Exercise aim:
Each line from the one holding "this 2000×1352 image." to the last line below must be written out exactly, with no other output.

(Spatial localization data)
+ + +

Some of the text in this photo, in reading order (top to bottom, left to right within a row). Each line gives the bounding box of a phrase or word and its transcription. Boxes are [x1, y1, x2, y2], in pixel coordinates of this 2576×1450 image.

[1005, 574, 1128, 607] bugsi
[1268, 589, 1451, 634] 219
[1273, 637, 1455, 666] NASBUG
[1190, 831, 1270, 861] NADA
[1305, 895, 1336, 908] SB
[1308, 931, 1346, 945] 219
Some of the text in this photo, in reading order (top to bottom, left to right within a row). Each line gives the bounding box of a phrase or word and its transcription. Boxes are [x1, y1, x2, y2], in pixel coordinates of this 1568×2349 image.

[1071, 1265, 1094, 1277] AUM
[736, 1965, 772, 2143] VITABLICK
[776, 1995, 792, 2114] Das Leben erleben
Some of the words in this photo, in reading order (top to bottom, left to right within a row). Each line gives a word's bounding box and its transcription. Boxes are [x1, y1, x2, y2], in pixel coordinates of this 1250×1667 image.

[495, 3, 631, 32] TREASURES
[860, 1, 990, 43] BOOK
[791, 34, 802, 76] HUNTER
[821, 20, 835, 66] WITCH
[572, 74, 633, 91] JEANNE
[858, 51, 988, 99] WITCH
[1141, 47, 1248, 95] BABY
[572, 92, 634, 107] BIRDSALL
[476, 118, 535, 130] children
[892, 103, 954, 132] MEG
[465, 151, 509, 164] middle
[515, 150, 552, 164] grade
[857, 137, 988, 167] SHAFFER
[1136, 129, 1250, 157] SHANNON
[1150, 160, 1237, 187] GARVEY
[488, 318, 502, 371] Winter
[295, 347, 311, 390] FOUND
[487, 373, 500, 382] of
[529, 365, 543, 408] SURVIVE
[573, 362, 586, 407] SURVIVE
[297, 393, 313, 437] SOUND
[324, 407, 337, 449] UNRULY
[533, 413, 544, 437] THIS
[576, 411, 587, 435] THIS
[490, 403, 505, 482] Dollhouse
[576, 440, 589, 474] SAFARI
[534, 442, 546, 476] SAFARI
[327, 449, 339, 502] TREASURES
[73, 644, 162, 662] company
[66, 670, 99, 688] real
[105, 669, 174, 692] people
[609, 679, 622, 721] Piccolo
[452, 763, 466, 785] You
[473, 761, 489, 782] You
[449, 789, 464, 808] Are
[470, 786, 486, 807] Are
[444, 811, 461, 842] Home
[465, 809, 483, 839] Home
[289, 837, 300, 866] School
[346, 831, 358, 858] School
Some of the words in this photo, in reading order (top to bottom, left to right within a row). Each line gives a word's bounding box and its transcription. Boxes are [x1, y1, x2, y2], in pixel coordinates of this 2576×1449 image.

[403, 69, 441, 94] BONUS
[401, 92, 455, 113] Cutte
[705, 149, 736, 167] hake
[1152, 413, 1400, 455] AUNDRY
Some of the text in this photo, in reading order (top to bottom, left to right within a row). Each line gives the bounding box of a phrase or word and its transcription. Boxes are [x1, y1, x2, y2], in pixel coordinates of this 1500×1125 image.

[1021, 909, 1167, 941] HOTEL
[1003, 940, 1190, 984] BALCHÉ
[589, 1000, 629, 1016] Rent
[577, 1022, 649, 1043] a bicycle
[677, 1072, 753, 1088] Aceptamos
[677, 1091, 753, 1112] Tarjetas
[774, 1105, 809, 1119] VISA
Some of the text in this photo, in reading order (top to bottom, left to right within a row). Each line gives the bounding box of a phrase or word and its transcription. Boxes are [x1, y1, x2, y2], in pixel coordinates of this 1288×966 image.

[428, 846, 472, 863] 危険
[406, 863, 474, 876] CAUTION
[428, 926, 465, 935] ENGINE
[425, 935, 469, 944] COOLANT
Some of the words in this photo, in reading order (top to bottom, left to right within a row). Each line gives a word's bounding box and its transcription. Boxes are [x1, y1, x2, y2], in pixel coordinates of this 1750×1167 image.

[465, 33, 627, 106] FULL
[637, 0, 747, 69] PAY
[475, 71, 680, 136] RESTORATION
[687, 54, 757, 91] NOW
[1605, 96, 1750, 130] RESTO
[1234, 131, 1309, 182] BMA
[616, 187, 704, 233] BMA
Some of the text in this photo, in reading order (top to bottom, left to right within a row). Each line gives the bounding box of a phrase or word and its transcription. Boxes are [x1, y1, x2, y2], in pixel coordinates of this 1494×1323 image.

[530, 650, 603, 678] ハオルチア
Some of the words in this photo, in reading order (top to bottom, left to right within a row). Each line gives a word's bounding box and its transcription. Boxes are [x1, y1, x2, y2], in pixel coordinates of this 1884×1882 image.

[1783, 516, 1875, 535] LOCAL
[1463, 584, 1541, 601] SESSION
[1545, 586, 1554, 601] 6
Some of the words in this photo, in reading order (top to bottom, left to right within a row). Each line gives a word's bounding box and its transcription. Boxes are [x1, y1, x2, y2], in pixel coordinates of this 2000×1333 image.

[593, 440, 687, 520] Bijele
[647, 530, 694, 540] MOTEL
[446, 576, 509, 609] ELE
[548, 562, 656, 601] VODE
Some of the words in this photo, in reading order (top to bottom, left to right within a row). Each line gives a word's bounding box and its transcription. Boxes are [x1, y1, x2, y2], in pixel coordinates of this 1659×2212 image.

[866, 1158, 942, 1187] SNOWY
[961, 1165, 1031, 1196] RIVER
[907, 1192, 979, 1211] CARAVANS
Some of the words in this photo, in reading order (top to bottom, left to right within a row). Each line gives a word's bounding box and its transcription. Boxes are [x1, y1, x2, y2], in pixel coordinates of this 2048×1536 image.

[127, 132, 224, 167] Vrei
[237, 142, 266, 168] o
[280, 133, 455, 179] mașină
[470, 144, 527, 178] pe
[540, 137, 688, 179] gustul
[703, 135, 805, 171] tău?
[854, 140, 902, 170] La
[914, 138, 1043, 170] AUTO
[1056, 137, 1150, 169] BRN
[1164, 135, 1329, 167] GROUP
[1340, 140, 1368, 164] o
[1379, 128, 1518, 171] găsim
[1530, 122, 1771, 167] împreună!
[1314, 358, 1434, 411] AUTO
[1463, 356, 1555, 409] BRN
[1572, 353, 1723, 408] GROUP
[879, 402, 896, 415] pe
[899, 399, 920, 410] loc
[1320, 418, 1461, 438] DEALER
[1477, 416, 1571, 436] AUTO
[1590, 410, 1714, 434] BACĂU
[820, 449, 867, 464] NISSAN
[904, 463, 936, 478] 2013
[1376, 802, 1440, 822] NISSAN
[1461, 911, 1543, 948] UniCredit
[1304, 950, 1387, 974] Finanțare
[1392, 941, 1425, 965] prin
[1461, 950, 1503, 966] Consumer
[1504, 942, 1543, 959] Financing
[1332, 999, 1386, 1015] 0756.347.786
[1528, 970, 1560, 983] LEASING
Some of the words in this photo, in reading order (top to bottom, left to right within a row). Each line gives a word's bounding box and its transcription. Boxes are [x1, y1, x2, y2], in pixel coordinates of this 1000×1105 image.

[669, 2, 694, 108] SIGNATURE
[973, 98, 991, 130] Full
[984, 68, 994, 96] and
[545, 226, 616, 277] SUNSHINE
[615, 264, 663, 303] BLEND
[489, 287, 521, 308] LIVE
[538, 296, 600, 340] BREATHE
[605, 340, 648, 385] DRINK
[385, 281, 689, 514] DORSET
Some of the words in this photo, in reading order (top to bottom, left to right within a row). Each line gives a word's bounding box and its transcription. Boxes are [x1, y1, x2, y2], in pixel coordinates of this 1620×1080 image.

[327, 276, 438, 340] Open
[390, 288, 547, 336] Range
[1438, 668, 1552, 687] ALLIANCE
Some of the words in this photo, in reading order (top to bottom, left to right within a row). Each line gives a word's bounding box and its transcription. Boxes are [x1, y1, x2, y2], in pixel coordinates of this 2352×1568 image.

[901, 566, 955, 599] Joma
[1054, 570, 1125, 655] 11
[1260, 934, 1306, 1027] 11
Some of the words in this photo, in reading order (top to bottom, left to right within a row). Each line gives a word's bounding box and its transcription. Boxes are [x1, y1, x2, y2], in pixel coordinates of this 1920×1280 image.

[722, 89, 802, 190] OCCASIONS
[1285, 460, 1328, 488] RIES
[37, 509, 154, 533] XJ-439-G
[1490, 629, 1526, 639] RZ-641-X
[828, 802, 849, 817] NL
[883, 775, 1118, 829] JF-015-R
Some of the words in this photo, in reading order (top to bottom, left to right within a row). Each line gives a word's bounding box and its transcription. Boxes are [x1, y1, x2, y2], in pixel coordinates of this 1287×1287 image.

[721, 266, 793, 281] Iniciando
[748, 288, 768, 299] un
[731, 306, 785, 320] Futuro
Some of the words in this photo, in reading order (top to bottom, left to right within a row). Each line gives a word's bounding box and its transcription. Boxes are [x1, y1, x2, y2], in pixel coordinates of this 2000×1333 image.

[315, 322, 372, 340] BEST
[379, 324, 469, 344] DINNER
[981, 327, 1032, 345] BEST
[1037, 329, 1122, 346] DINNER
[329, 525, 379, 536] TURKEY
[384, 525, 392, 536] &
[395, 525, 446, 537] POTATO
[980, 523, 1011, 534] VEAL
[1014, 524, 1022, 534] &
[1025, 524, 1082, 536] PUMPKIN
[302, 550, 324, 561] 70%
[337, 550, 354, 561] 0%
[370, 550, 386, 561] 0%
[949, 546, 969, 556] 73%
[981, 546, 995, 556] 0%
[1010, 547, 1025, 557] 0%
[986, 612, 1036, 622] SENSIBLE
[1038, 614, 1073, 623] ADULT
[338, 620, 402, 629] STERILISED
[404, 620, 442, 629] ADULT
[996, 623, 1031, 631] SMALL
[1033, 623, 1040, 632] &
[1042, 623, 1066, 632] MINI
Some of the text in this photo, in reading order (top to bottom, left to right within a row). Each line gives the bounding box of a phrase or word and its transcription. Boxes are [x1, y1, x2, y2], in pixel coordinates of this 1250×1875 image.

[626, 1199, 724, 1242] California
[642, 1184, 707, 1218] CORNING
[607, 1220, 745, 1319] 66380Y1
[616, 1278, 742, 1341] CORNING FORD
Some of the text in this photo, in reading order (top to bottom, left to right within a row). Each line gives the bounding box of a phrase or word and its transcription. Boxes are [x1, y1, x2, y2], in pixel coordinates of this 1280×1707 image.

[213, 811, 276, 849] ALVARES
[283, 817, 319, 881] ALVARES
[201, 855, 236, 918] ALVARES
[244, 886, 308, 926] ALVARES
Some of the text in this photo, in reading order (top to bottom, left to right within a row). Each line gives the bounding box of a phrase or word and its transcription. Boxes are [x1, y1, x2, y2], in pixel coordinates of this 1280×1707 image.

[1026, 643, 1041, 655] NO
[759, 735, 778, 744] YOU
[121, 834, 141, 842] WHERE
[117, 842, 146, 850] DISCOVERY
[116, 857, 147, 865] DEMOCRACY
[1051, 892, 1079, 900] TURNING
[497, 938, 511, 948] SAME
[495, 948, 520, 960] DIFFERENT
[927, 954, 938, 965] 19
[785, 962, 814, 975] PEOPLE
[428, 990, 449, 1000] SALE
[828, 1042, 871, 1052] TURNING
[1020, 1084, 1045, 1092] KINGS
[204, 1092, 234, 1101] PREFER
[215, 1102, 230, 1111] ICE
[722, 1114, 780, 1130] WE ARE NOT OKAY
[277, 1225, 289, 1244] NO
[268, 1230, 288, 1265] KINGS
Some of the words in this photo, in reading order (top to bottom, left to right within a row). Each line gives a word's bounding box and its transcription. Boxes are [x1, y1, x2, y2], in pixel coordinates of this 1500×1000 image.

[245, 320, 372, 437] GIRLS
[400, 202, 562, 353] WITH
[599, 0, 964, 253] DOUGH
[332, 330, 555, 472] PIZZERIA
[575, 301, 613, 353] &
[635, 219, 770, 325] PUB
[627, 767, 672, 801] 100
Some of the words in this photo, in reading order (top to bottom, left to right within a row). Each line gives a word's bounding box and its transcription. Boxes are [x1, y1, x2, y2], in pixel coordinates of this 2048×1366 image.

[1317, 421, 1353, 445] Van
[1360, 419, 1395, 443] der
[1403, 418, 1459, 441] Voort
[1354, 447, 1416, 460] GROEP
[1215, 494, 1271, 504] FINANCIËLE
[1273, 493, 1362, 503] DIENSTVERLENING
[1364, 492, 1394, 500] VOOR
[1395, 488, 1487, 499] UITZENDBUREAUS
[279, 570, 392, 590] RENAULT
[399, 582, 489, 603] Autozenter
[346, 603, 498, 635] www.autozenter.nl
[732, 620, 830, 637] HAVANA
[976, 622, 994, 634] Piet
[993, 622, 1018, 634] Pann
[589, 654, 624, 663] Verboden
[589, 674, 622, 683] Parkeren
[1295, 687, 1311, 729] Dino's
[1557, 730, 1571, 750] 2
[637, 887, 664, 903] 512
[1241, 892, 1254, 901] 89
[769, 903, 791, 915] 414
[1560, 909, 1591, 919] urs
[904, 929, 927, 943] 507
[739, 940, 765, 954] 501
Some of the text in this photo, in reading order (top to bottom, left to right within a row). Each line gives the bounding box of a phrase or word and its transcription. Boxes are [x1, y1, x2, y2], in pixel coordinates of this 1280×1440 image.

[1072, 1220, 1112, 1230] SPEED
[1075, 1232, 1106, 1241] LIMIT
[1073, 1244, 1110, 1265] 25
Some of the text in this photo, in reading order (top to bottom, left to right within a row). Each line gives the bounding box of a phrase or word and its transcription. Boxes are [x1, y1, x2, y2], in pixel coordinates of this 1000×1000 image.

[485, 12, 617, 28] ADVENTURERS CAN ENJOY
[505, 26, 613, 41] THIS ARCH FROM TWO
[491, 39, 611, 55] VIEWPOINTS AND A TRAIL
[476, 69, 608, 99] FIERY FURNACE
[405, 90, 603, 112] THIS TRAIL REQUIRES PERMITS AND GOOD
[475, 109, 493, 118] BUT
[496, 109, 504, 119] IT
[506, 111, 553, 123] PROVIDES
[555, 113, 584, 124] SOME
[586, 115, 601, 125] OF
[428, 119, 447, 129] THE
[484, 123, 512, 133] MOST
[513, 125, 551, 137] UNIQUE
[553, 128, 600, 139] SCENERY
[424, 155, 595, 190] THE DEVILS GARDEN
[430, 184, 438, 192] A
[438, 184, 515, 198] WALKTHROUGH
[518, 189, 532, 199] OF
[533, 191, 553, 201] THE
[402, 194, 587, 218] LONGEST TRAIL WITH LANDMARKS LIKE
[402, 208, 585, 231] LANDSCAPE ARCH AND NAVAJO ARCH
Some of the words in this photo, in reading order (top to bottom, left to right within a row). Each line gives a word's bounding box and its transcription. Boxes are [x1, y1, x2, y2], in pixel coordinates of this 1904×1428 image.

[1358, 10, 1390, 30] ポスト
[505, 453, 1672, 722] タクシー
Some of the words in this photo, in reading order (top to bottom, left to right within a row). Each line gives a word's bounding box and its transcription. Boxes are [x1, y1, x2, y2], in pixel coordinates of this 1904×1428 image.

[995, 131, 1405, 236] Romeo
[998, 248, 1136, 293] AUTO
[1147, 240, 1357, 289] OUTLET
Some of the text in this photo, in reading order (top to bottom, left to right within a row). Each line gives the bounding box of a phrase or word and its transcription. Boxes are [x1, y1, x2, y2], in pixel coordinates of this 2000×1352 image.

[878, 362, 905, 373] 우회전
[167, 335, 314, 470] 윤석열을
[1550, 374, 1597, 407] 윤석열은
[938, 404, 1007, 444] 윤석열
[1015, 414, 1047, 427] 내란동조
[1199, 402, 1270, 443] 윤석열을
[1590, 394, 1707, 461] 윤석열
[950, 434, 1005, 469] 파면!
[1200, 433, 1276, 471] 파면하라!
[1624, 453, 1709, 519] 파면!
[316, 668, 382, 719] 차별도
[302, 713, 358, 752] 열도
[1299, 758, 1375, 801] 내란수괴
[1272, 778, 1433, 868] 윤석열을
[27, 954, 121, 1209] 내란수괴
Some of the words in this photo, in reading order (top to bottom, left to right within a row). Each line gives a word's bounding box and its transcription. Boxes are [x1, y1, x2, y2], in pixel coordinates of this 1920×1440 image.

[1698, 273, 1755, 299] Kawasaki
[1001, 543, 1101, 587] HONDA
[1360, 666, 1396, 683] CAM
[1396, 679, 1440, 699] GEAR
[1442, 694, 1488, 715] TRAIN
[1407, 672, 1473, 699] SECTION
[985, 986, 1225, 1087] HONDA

+ + +

Solution for this exercise:
Some of the text in this photo, in reading order (top to bottom, left to right within a row). Each line gives the bounding box of a phrase or word and its transcription. Boxes are [x1, y1, x2, y2], in pixel coordinates of this 2000×1352 image.

[878, 362, 905, 373] 우회전
[167, 335, 314, 470] 윤석열을
[1550, 374, 1597, 407] 윤석열은
[938, 404, 1007, 444] 윤석열
[1015, 414, 1047, 427] 내란동조
[1199, 402, 1270, 443] 윤석열을
[1590, 394, 1707, 461] 윤석열
[950, 434, 1005, 469] 파면!
[1200, 433, 1276, 471] 파면하라!
[1624, 453, 1709, 519] 파면!
[316, 668, 382, 719] 차별도
[302, 713, 358, 752] 열도
[1299, 758, 1375, 801] 내란수괴
[1272, 778, 1433, 868] 윤석열을
[27, 954, 121, 1209] 내란수괴
Some of the words in this photo, in reading order (top to bottom, left to right within a row). Each line gives a word's bounding box and its transcription. Boxes are [x1, y1, x2, y2], in pixel coordinates of this 1920×1440 image.

[1698, 273, 1755, 299] Kawasaki
[1001, 543, 1101, 587] HONDA
[1360, 666, 1396, 683] CAM
[1396, 679, 1440, 699] GEAR
[1442, 694, 1488, 715] TRAIN
[1407, 672, 1473, 699] SECTION
[985, 986, 1225, 1087] HONDA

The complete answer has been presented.